In May 1990, Lake earned a Bachelor of Arts degree in English from the University of Michigan in Ann Arbor, Michigan. She earned a secondary teacher certification that same year. In May 1993, Lake earned a Juris Doctor from Wayne State University Law School in Detroit, Michigan. She paid for her college education by singing on the weekends.

In June 1995, she was admitted to the State Bar of Michigan and began her law career as a criminal defense attorney. In June 2002, she was admitted to the New York State Bar Association and the New Jersey State Bar Association, where her practice is predominantly devoted to entertainment and family law. Lake began designing professionally after graduating from law school.

==Entertainment work==

In 1999, Lake relocated to New York City to work in entertainment. She sang background for Mary J. Blige, Sean "Puff Daddy" Combs, Jay-Z, Dr. Dre, and Snoop Dogg. Lake also began writing, recording, and publicly performing her own music, eventually creating her own production company.

Lake appeared on To Live and Date in New York, which chronicled the dating lives of New York women. The series aired on Women's Entertainment Channel as "Single in the City." Lake served as a correspondent, expert and life coach on The Greg Behrendt Show and as a legal and relationship expert and life coach on The Ricki Lake Show, for two seasons. She also served as field correspondent, makeover specialist, and judge on The Ricki Lake Show.

Lake has made guest appearances on Dr. Phil and The View as a legal expert. She has also appeared on The Today Show, The O'Reilly Factor, The Bill Cunningham Show, Regis & Kelly, Montel Williams, and The Morning Show with Mike and Juliet. Lake has served as a guest host/anchor and legal analyst for MSNBC and TruTV. Since 2005, Lake has been a regular on-air commentator on CNN, Headline News, Fox News Channel, and CNBC. She was also the subject of an episode of Modern Hero in 2017.

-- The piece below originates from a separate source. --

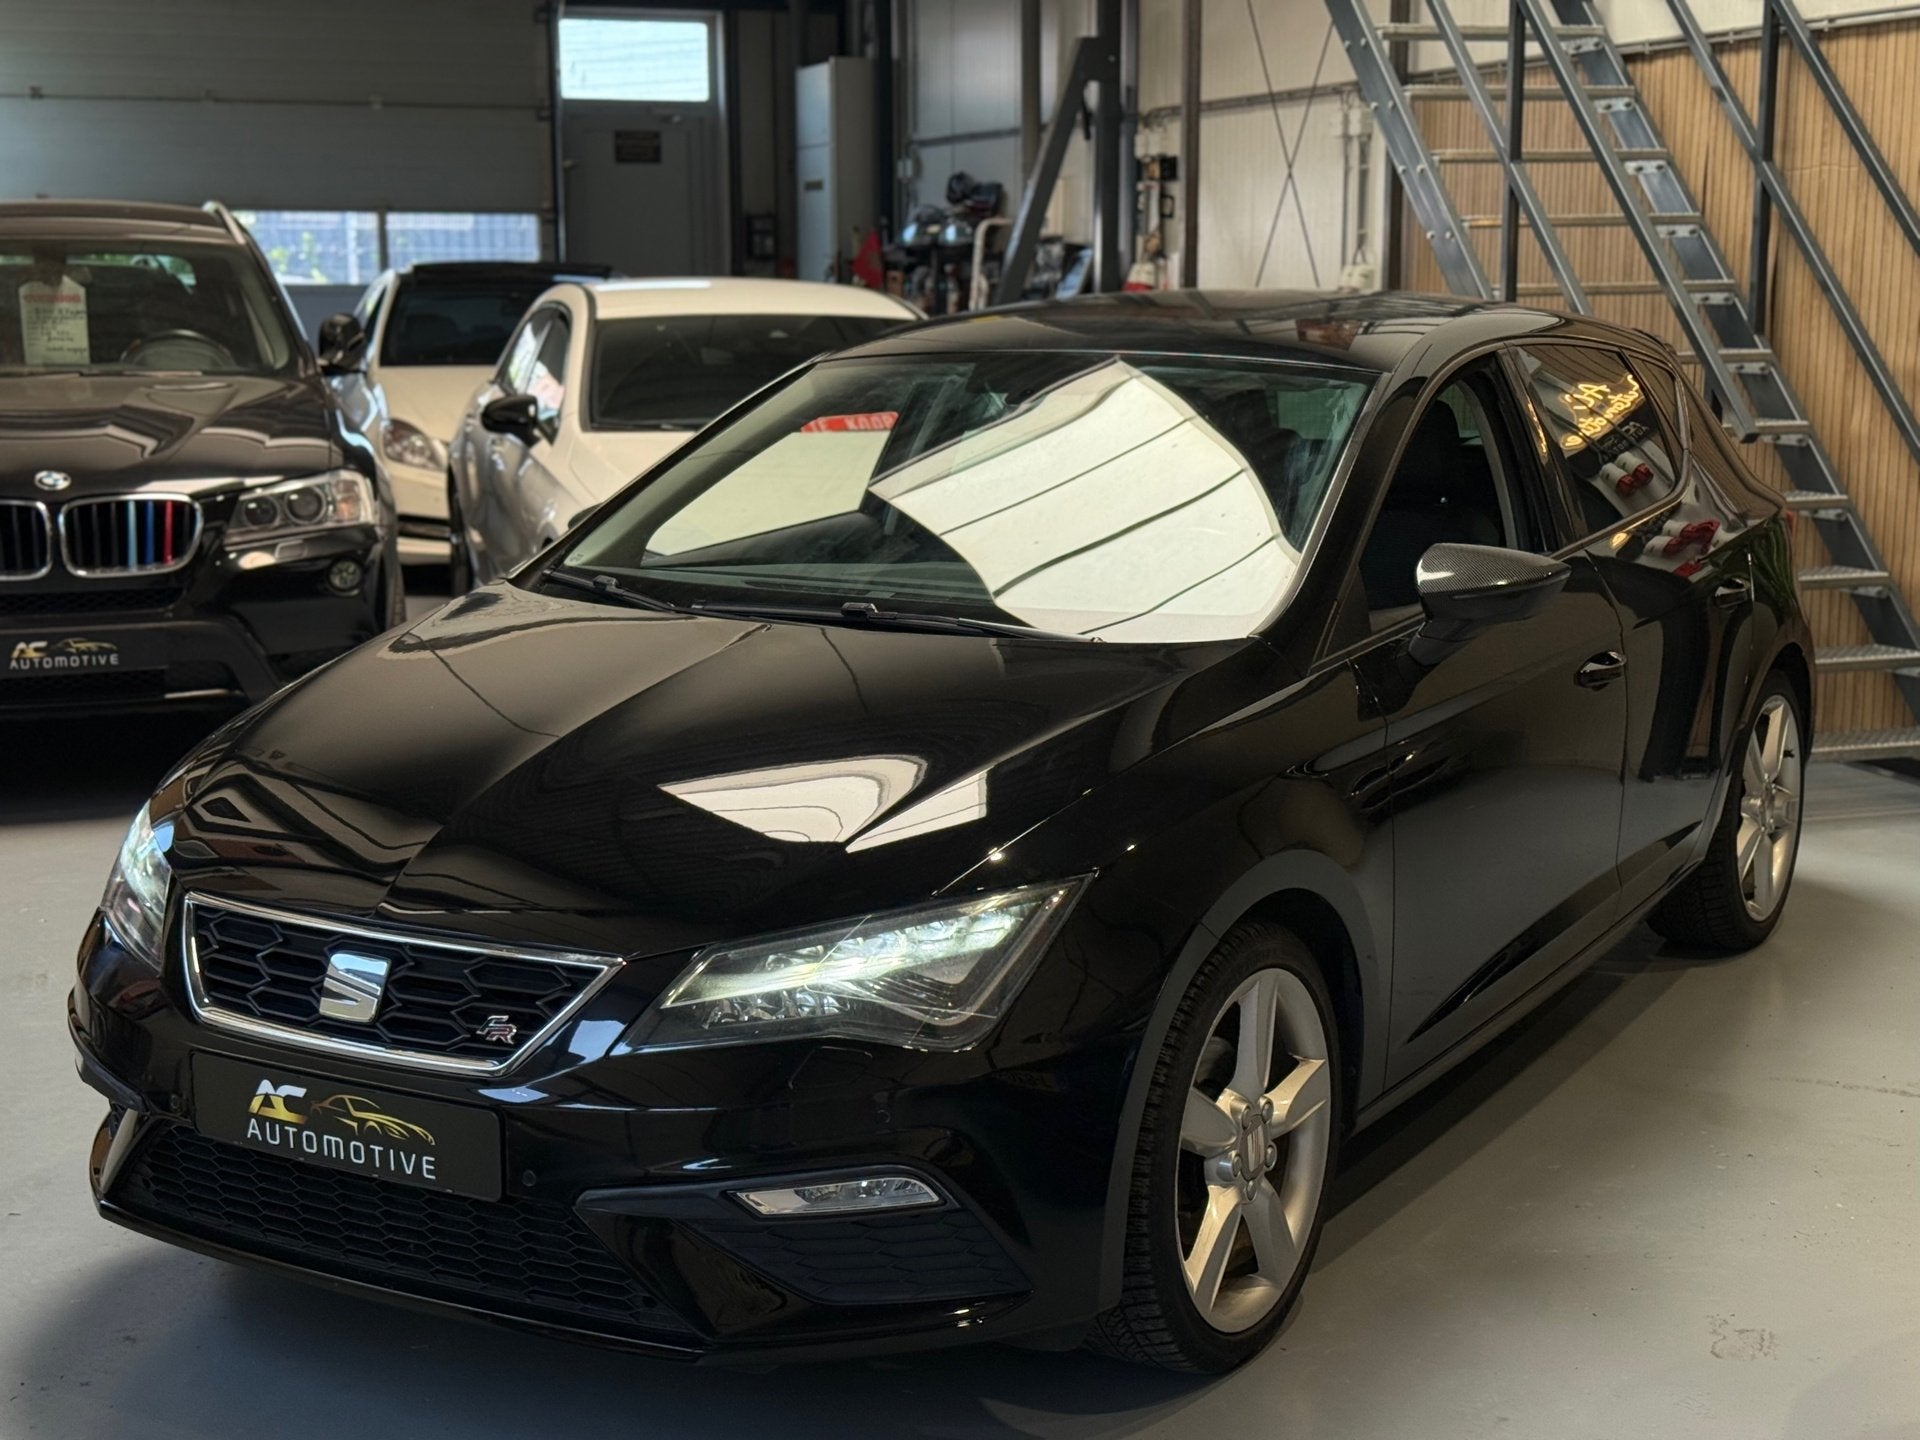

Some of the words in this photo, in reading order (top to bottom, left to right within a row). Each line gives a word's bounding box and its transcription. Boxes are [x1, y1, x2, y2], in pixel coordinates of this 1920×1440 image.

[9, 654, 119, 670] AUTOMOTIVE
[476, 1015, 517, 1045] FR
[248, 1079, 308, 1125] AC
[247, 1118, 436, 1180] AUTOMOTIVE

Lake is also a regular contributor to Black Entertainment Television's Meet the Faith and My Two Cents. She has participated in TLC shows such as While You Were Out and Trading Spaces. Between May 2007 through 2009, Lake hosted 47 episodes of HGTV's how-to show Spice Up My Kitchen. Lake has acknowledged her lack of formal design training, stating that it allows her to think outside the box.

Lake presided over her own tabloid talk/courtroom series, Lauren Lake's Paternity Court, which began on September 23, 2013, and was produced by MGM Television. and ran for 8 seasons until it was cancelled in 2021. Lake heard and decided paternity cases and rendered DNA test results.

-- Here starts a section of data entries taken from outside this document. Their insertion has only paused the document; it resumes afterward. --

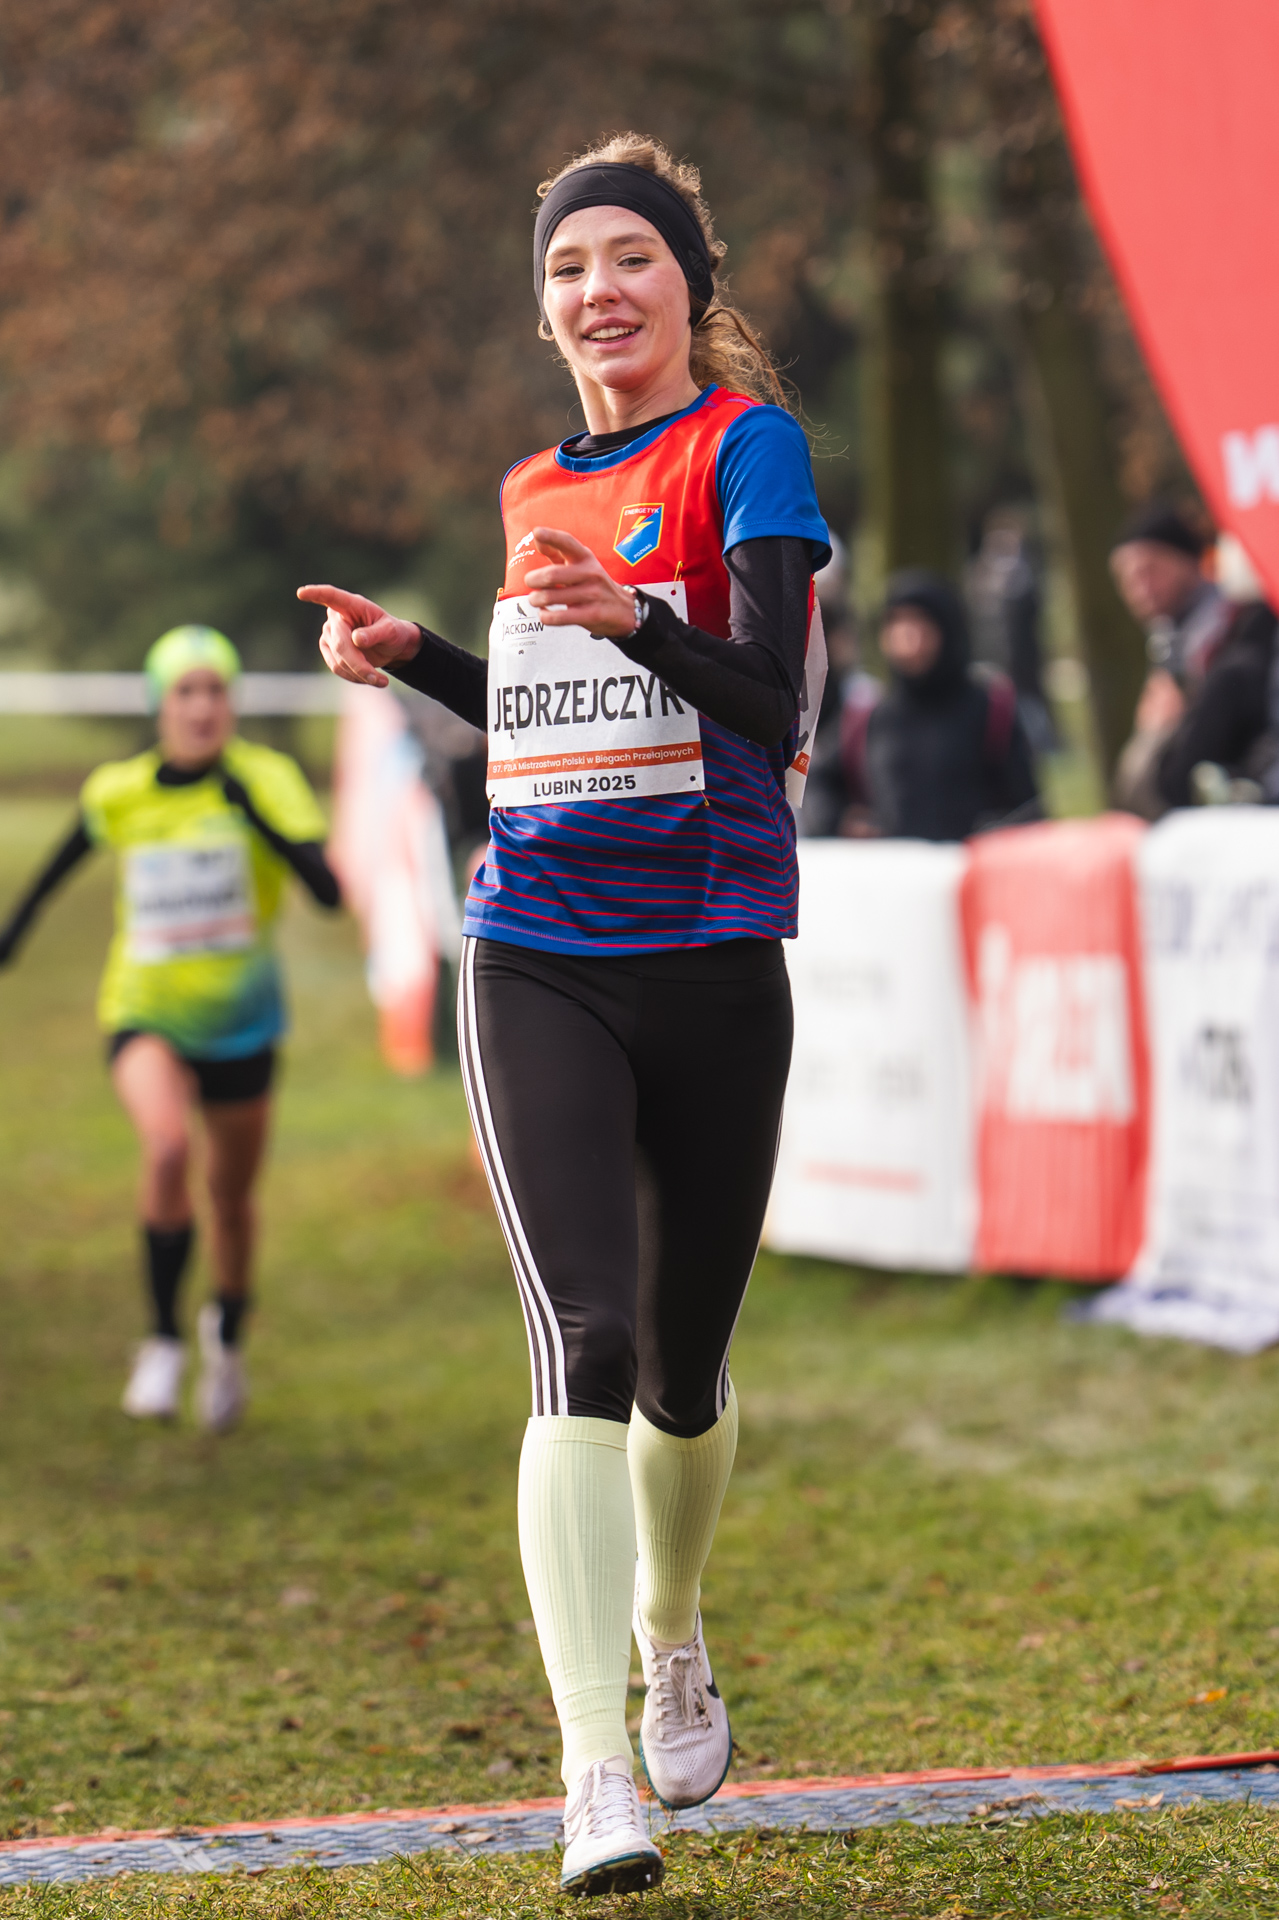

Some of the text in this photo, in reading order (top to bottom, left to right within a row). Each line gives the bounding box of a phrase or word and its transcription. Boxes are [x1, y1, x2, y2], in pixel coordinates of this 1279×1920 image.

[624, 507, 660, 516] ENERGETYK
[502, 621, 545, 641] JACKDAW
[492, 765, 503, 774] 97.
[503, 763, 517, 773] PZLA
[518, 759, 561, 771] Mistrzostwa
[562, 755, 585, 766] Polski
[595, 752, 631, 765] Biegach
[632, 746, 694, 760] Przełajowych
[533, 774, 636, 798] LUBIN 2025

Lake has frequently participated as a guest legal expert on Power 105.1 FM. She has also been a regular guest on the Tom Joyner Morning Show and Michael Baisden radio show. She has been a guest on WBLS New York, and guest on-air host for Radio One's WDBZ in Cincinnati.

In June 2021, Entertainment Studios ordered a revival of the daily court show We the People with Lake taking over for Gloria Allred. It premiered in 2022.

==Other work==
Between 1999 and 2002, Lake was the vice president of DS Recordings Inc. Since September 2000, Lake has also been the co-owner of L Style Design Studios, LLC, in Fort Lee, N.J., an interior design service.

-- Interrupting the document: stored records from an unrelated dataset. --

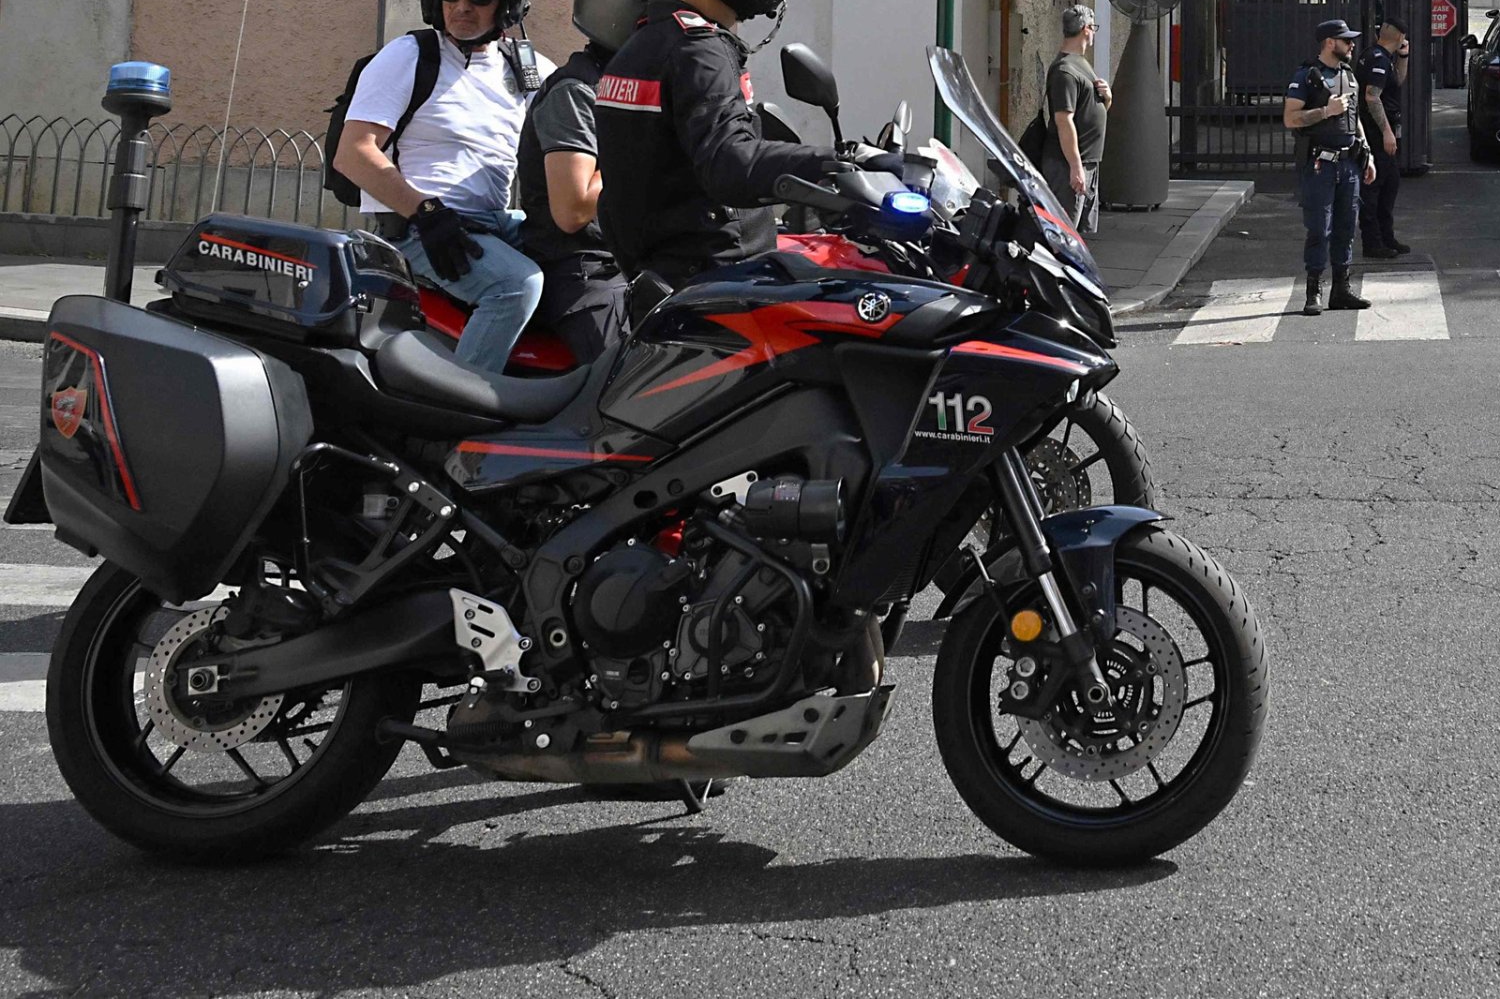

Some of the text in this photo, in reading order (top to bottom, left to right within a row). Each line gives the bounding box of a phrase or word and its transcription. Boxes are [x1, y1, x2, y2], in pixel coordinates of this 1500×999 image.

[1432, 13, 1448, 21] TOP
[1431, 22, 1448, 30] ERE
[198, 240, 313, 282] CARABINIERI
[928, 391, 994, 435] 112
[914, 430, 991, 444] www.carabinieri.it

Since 2006, Lake has run the Law Offices of Lauren Lake, located in New York City, Saddlebrook, New Jersey, and Southfield, Michigan where she acts as the sole practitioner. She worked on civil and criminal matters, including divorce, child custody and support, and paternity. She has also handled felony and misdemeanor trials, involving arson, criminal sexual conduct, theft, weapons, assault, and possession of controlled substances. She is a member of The Metropolitan Bar Association, Association of Black Women Lawyers, and Black Entertainment and Sports Lawyers Association. Lake is the co-founder of the Women in Entertainment Empowerment Network (WEEN) which promotes the positive portrayal of women in entertainment and society.

Lake has presented as a motivational speaker. She participated in Bill Cosby's Call Out speaking tour in 2006. Lake also appears in Cosby's book Come on, People: On the Path from Victims to Victor.

Lake's book, "Girl! Let Me Tell You...," was published in 2009. In the book, Lake answers questions about life and love, posed by single women.

==Personal life==

In 2007, Lake married former NFL coach and sports trader Carlos Woods. The couple have a son.